*** Opening of Available records ***
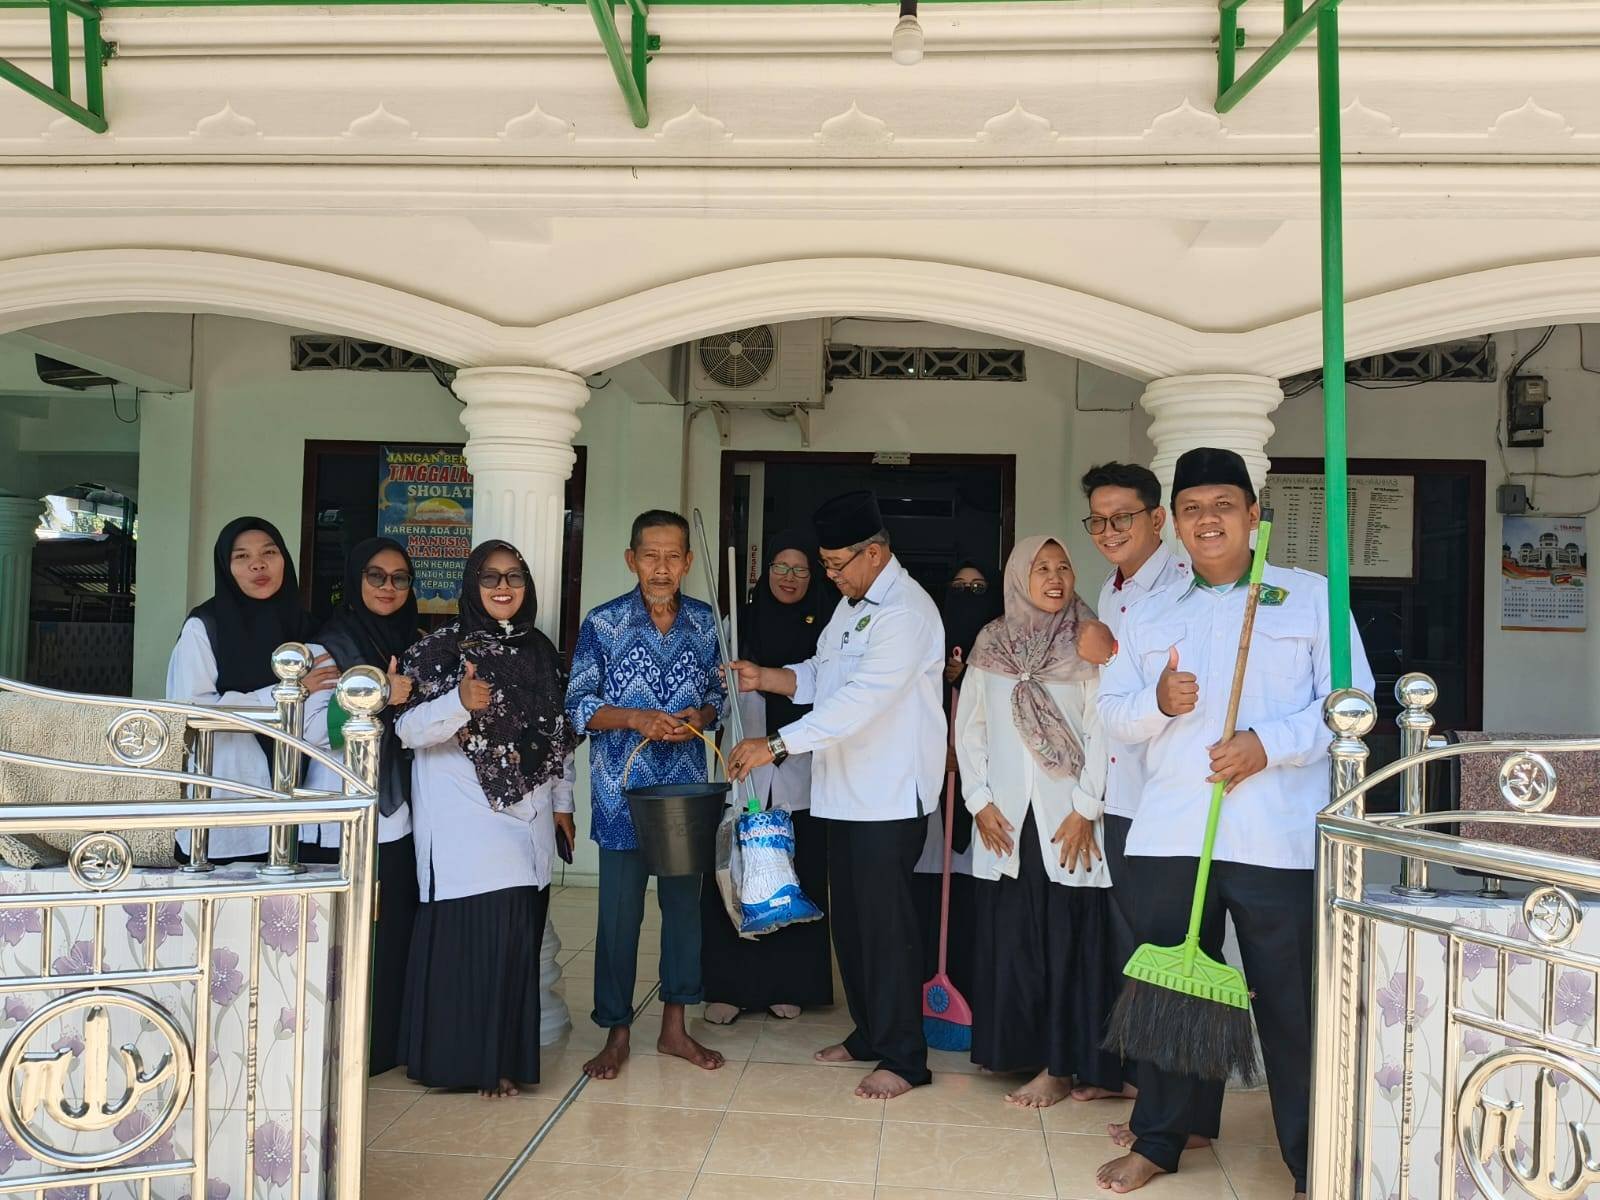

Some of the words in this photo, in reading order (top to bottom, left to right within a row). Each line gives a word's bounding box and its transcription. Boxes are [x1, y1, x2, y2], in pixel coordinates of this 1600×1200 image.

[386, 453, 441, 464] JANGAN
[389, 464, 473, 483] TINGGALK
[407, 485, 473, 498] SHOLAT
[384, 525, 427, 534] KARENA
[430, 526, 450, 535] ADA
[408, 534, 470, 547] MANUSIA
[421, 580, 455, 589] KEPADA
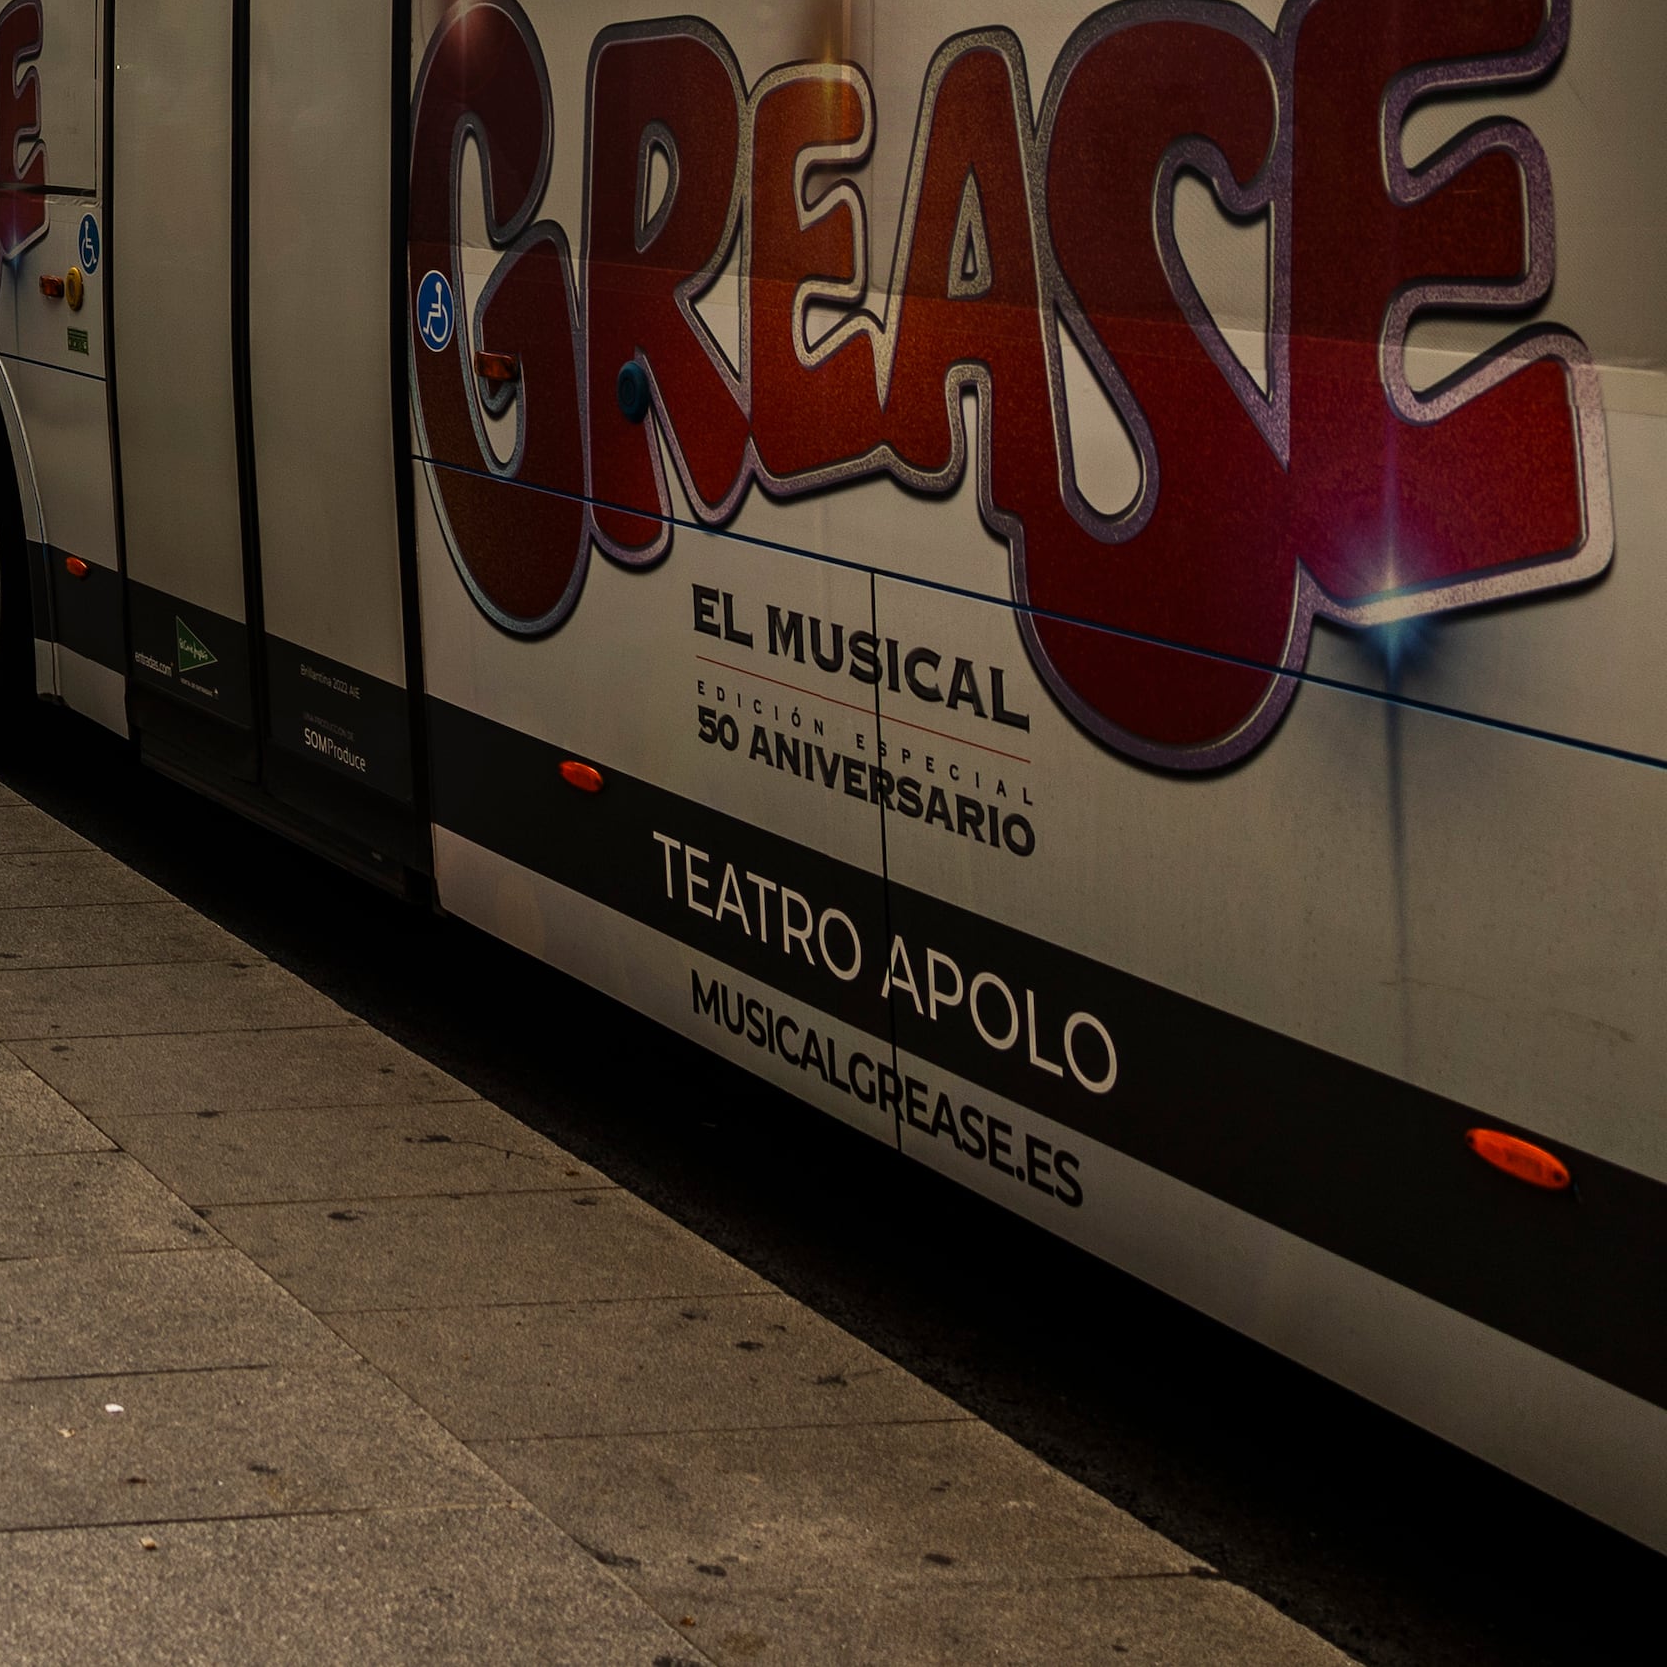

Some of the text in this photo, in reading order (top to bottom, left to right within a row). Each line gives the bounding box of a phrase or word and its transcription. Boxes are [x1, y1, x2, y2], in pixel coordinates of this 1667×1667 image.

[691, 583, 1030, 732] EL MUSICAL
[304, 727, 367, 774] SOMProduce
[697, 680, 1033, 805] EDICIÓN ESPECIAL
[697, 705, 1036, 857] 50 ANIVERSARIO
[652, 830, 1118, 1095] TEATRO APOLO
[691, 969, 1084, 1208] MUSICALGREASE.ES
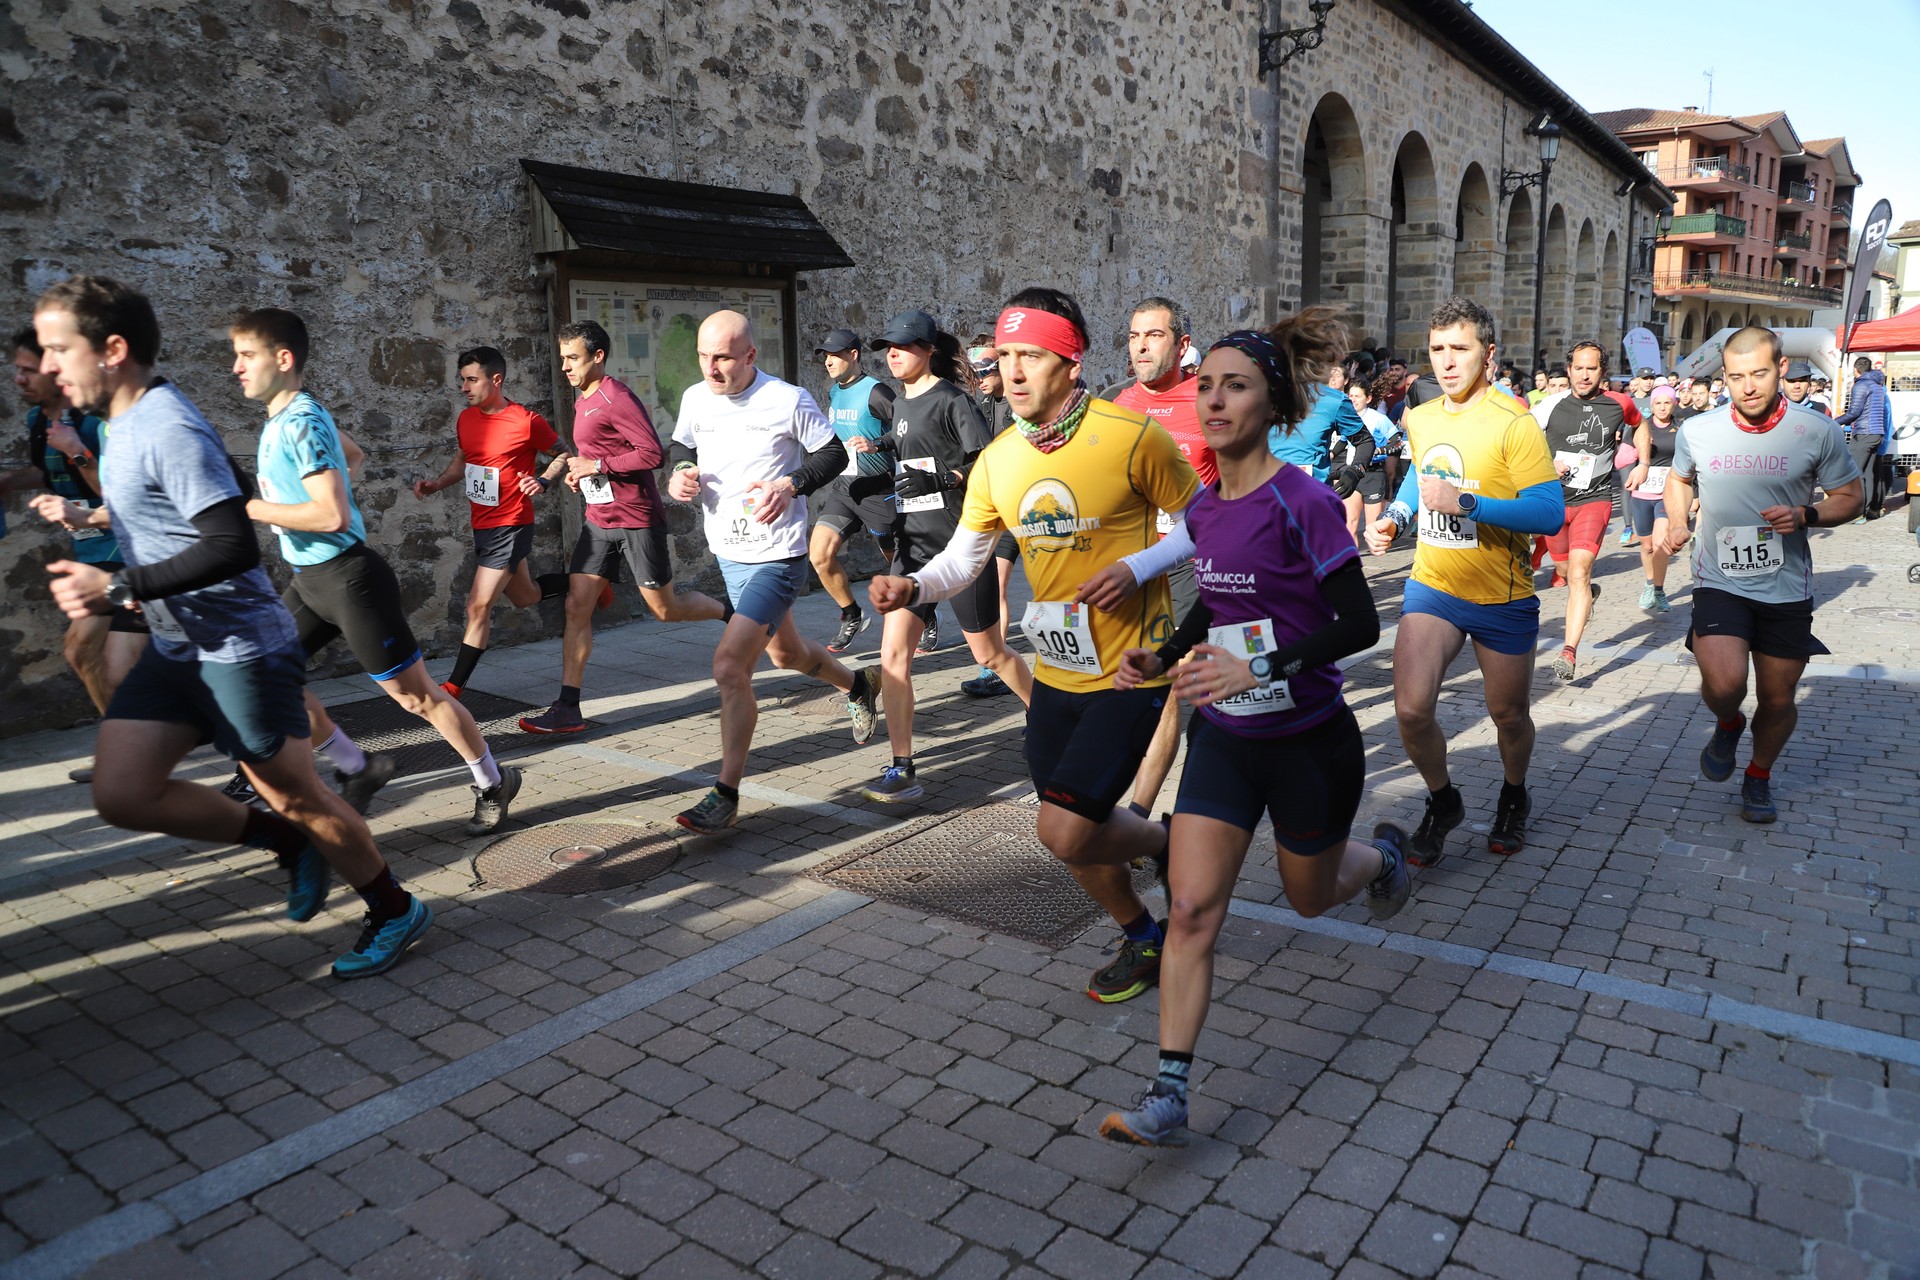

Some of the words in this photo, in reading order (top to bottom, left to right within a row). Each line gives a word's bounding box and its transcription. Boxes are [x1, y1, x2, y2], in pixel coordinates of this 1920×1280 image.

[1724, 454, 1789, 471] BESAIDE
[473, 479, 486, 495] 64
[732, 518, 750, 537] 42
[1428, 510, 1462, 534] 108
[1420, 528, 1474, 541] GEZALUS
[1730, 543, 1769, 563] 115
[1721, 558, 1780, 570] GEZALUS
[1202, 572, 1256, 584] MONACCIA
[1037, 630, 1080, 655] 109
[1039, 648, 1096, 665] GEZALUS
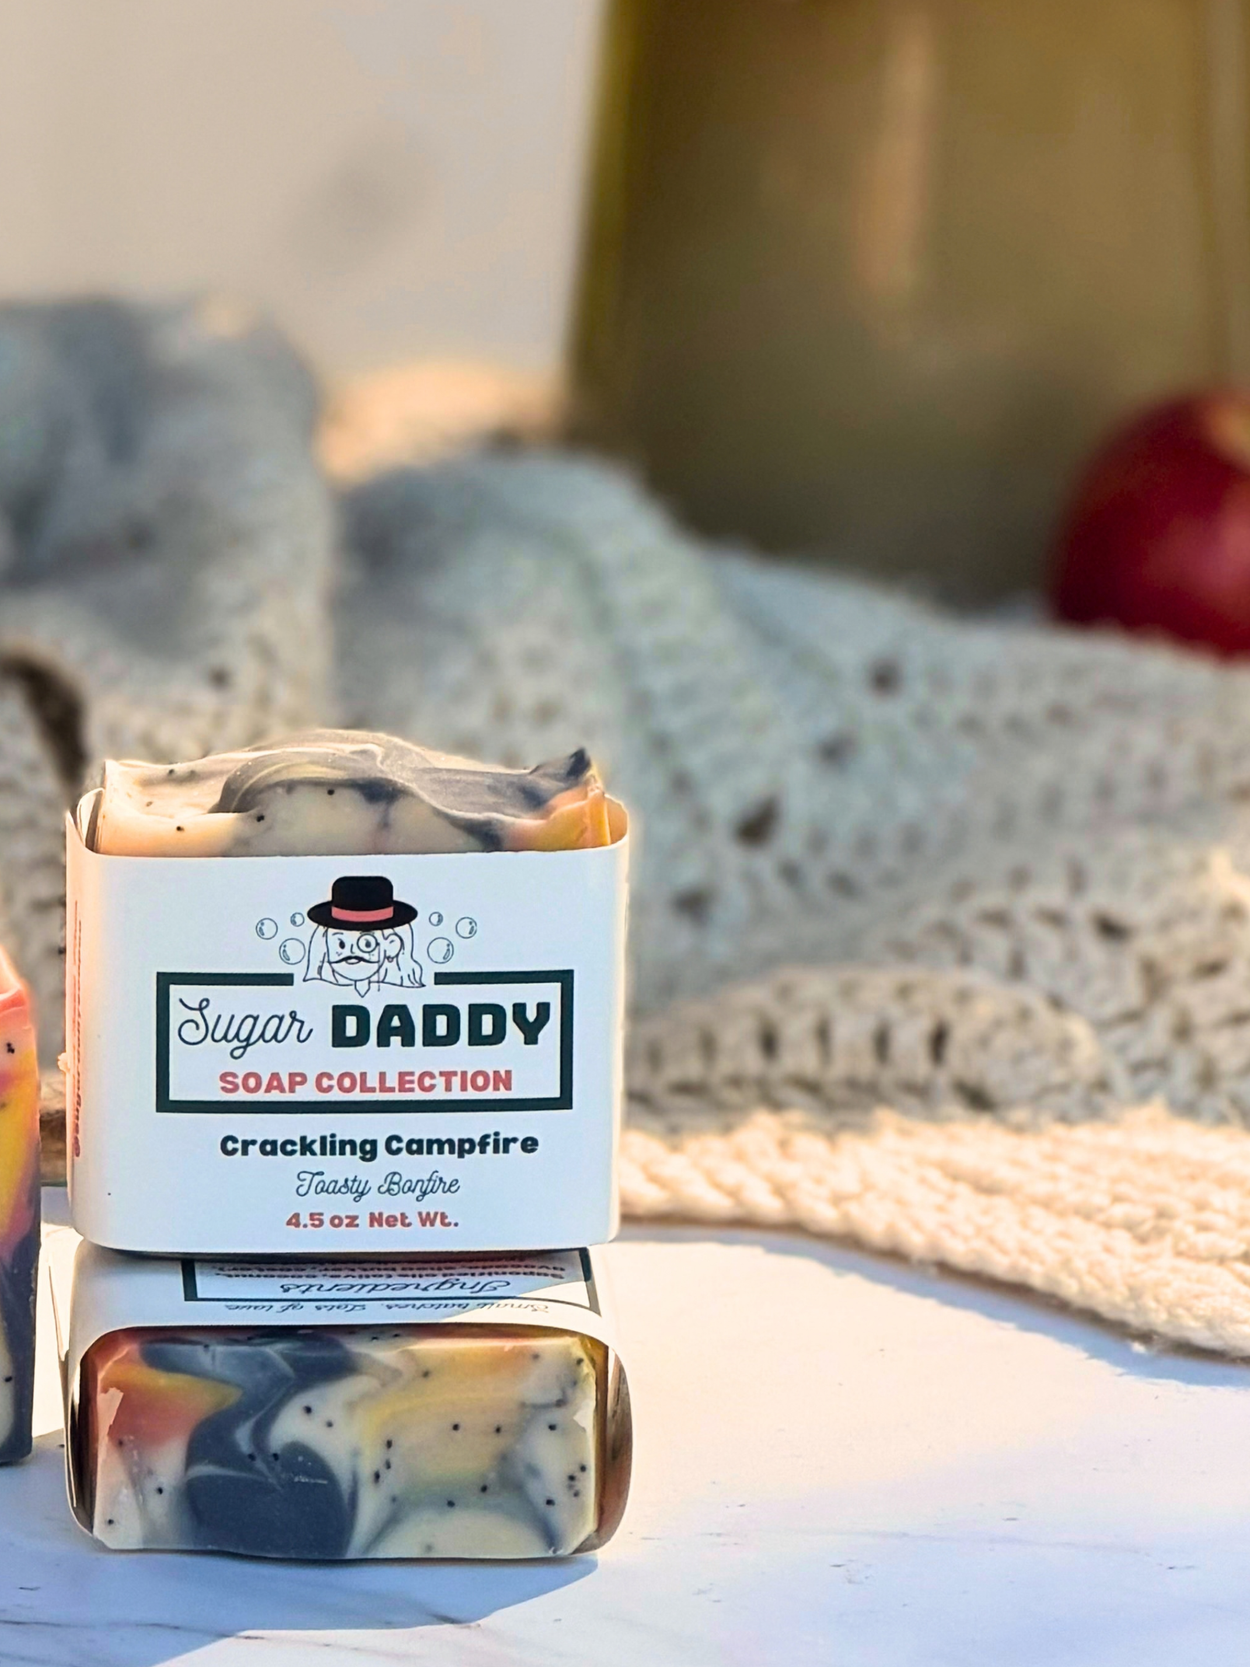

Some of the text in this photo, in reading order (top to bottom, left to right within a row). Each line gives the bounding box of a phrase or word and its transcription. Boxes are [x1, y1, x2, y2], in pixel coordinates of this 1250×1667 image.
*** Close of Available records ***
**Task requirements**
Transcribe all the data word for word; the images stay out.

**Exercise result**
Some of the words in this photo, in reading order (top to bottom, left to right within a row). Each line gives a word's bounding box and its transcription. Boxes are [x1, y1, x2, y2], in pixel coordinates of this 1600×1200 image.

[386, 453, 441, 464] JANGAN
[389, 464, 473, 483] TINGGALK
[407, 485, 473, 498] SHOLAT
[384, 525, 427, 534] KARENA
[430, 526, 450, 535] ADA
[408, 534, 470, 547] MANUSIA
[421, 580, 455, 589] KEPADA

Some of the text in this photo, in reading order (top to bottom, left to right within a row). Each line gives the bounding box of a phrase or word and its transcription. Boxes are [x1, y1, x2, y2], in pixel coordinates of this 1667×1667 image.

[691, 583, 1030, 732] EL MUSICAL
[304, 727, 367, 774] SOMProduce
[697, 680, 1033, 805] EDICIÓN ESPECIAL
[697, 705, 1036, 857] 50 ANIVERSARIO
[652, 830, 1118, 1095] TEATRO APOLO
[691, 969, 1084, 1208] MUSICALGREASE.ES

Some of the words in this photo, in reading order (top to bottom, left to right within a row). Each line gives a word's bounding box and its transcription. Boxes are [x1, y1, x2, y2], in pixel coordinates of this 1920×1280 image.

[1724, 454, 1789, 471] BESAIDE
[473, 479, 486, 495] 64
[732, 518, 750, 537] 42
[1428, 510, 1462, 534] 108
[1420, 528, 1474, 541] GEZALUS
[1730, 543, 1769, 563] 115
[1721, 558, 1780, 570] GEZALUS
[1202, 572, 1256, 584] MONACCIA
[1037, 630, 1080, 655] 109
[1039, 648, 1096, 665] GEZALUS

Some of the text in this photo, in reading order (top to bottom, left to right within a row). Each line gives the bounding box of a phrase or word and its transcription. Boxes are [x1, y1, x2, y2], in pixel coordinates of this 1250×1667 image.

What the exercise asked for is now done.